В комнате заорало радио. Оркестр играл рок-н-ролл. Джонни проснулся так, словно его укусила змея, выскочил из постели и схватил пистолет.

Затем он понял, что это радио. Он смущенно хмыкнул и заметил, что Дульси уже встала. Он пощупал внутренний карман пиджака левой рукой, не выпуская пистолет из правой, и обнаружил, что конверт с десятью тысячами исчез.

Он машинально похлопывал рукой по пиджаку на стуле, но глаза его были устремлены на пустую кровать. Он часто дышал, но лицо оставалось непроницаемым.

— Ушла, — пробормотал он. — Выходит, проиграл.

Радио так орало, что он не услышал, как открылась дверь в ванную. Джонни поймал какое-то мелькание краем глаза и резко обернулся.

В дверях стоял Чинк в чем мать родила. Глаза его были как блюдца, рот широко открыт.

Они уставились друг на друга в оцепенении.

Затем на висках Джонни вены набухли так, что казалось, еще немного — и они лопнут. Осьминог ожил на лбу, и щупальца устроили такую пляску, словно собирались спрыгнуть со лба. В мозгу взорвалась бомба.

Дальше Джонни уже ничего не помнил.

Он стал стрелять в грудь, живот, голову Чинка и нажимал на спуск, пока не расстрелял всю обойму. Затем он подбежал к распростертому телу и стал его топтать, пока два зуба не вонзились ему в пятку. Тогда он нагнулся и стал лупить по лицу Чинка рукояткой пистолета, превращая его в кровавое месиво.

Он не ведал, что творил.

Первое, что он осознал после всего этого, — это то, что его держат за руки двое полицейских в форме, что труп Чинка лежит на полу, частично в спальне, частично в ванной, и что душ поливает пустую ванну.

— Пустите, я оденусь, — ровным голосом сказал Джонни. — Вы же не потащите меня в тюрьму нагишом.

Полицейские отпустили его, и Джонни стал одеваться.

— Мы позвонили в участок, и они вызвали ребят из «убийств», — сообщил один из них. — Никому звонить не будете, пока они еще не подоспели?

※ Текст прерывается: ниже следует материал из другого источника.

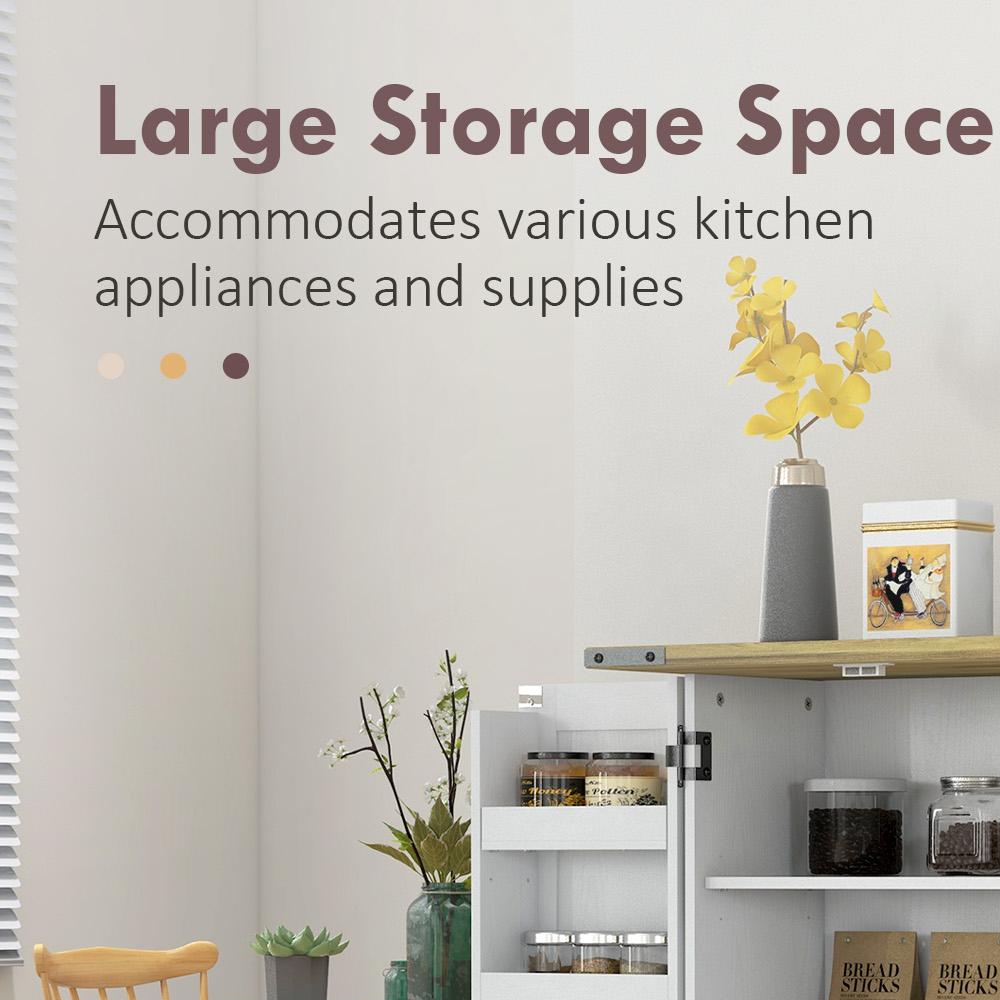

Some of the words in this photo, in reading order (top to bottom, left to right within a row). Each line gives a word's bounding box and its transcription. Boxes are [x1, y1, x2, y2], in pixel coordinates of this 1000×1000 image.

[842, 962, 900, 977] BREAD
[939, 964, 998, 979] BREAD
[841, 977, 900, 993] STICKS
[937, 979, 999, 995] STICKS
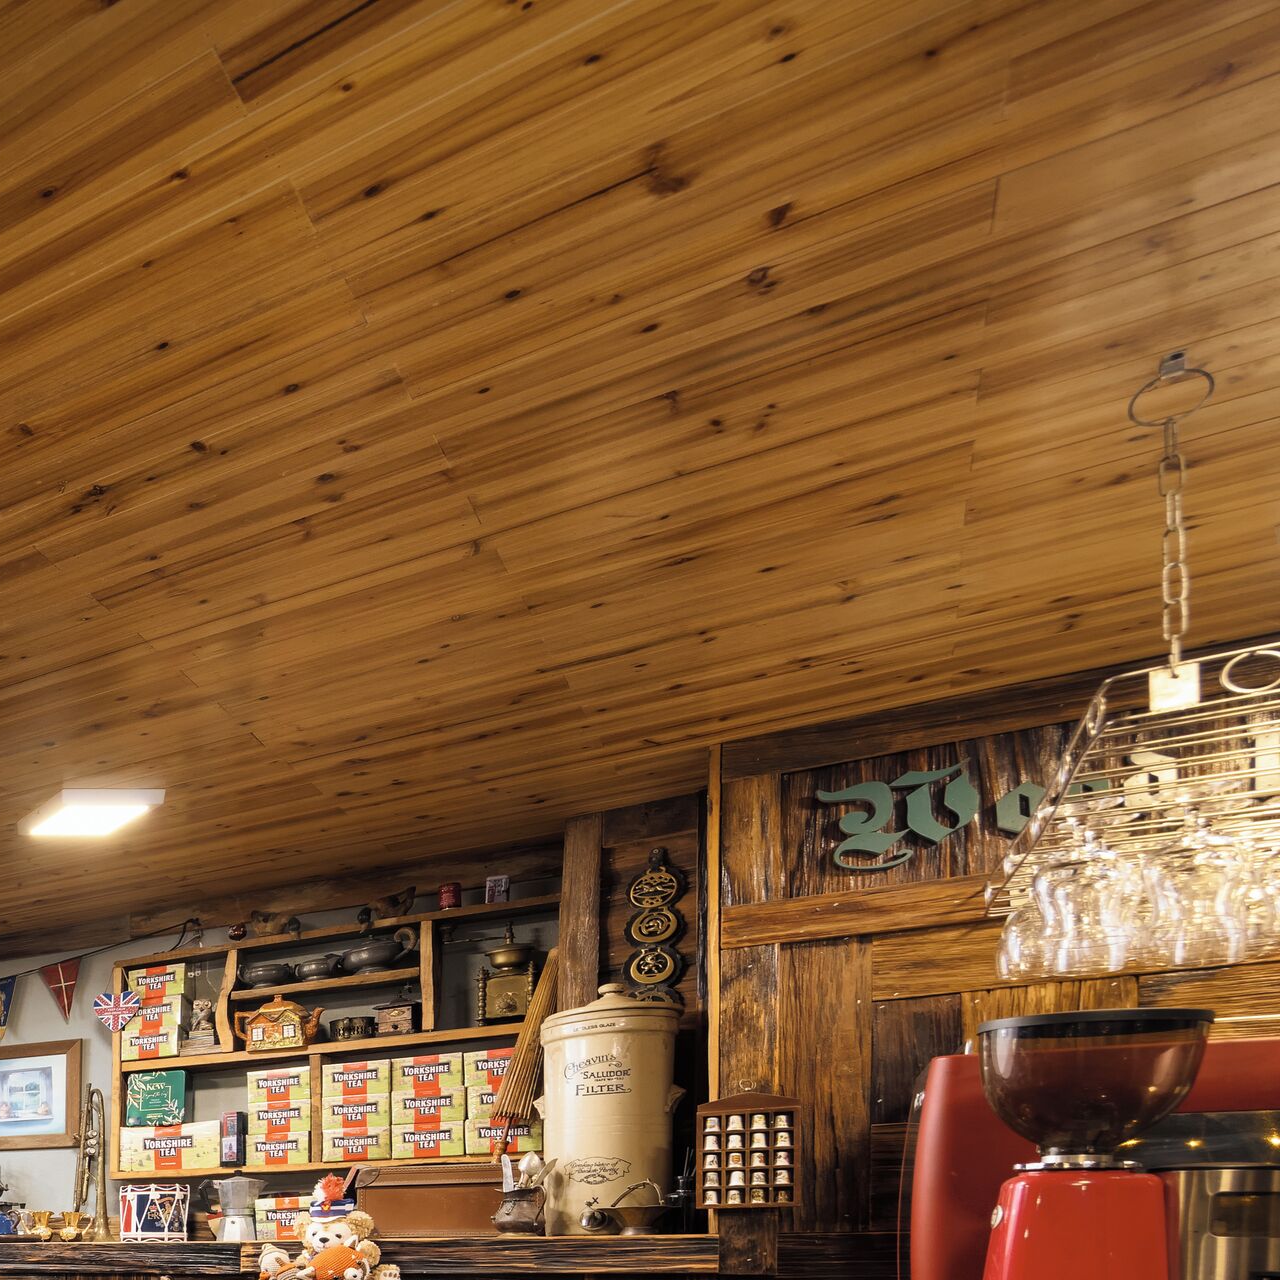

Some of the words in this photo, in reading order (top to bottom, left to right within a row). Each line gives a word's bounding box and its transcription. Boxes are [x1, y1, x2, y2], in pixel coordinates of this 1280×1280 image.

[138, 974, 175, 986] YORKSHIRE
[149, 982, 162, 990] TEA
[131, 1035, 168, 1046] YORKSHIRE
[477, 1059, 511, 1070] YORKSH
[404, 1065, 449, 1076] YORKSHIRE
[334, 1071, 377, 1082] YORKSHIRE
[418, 1073, 434, 1082] TEA
[258, 1077, 299, 1088] YORKSHIRE
[348, 1080, 362, 1088] TEA
[575, 1083, 629, 1096] FILTER
[405, 1098, 451, 1108] YORKSHIRE
[259, 1110, 300, 1120] YORKSHIRE
[333, 1104, 377, 1115] YORKSHIRE
[420, 1106, 435, 1115] TEA
[347, 1113, 361, 1121] TEA
[404, 1131, 450, 1142] YORKSHIRE
[480, 1127, 529, 1138] YORKHIRE
[144, 1138, 192, 1149] YORKSHIRE
[256, 1142, 297, 1152] YORKSHIRE
[334, 1137, 378, 1148] YORKSHIRE
[419, 1140, 435, 1149] TEA
[160, 1148, 176, 1157] TEA

— А зачем? — ровным голосом спросил Джонни.

— Мы услышали выстрелы, а задняя дверь была открыта, вот мы и вошли, — сказал второй полицейский извиняющимся тоном. — Мы думали, вы стреляете в нее.

Джонни промолчал. Когда он полностью оделся, приехали сотрудники отдела по расследованию убийств. Они оставались с ним до приезда сержанта Броди.

— Вы его убили, — сказал Броди.

— Похоже, убил, — отозвался Джонни.

Для допроса его отвезли в участок на 116-й улице: этим делом занимались Гробовщик и Могильщик, а они работали в этом участке.

Как и тогда, Броди сидел за столом в «Стукачином гнезде». Могильщик примостился на краешке стола, а Гробовщик затаился в тени.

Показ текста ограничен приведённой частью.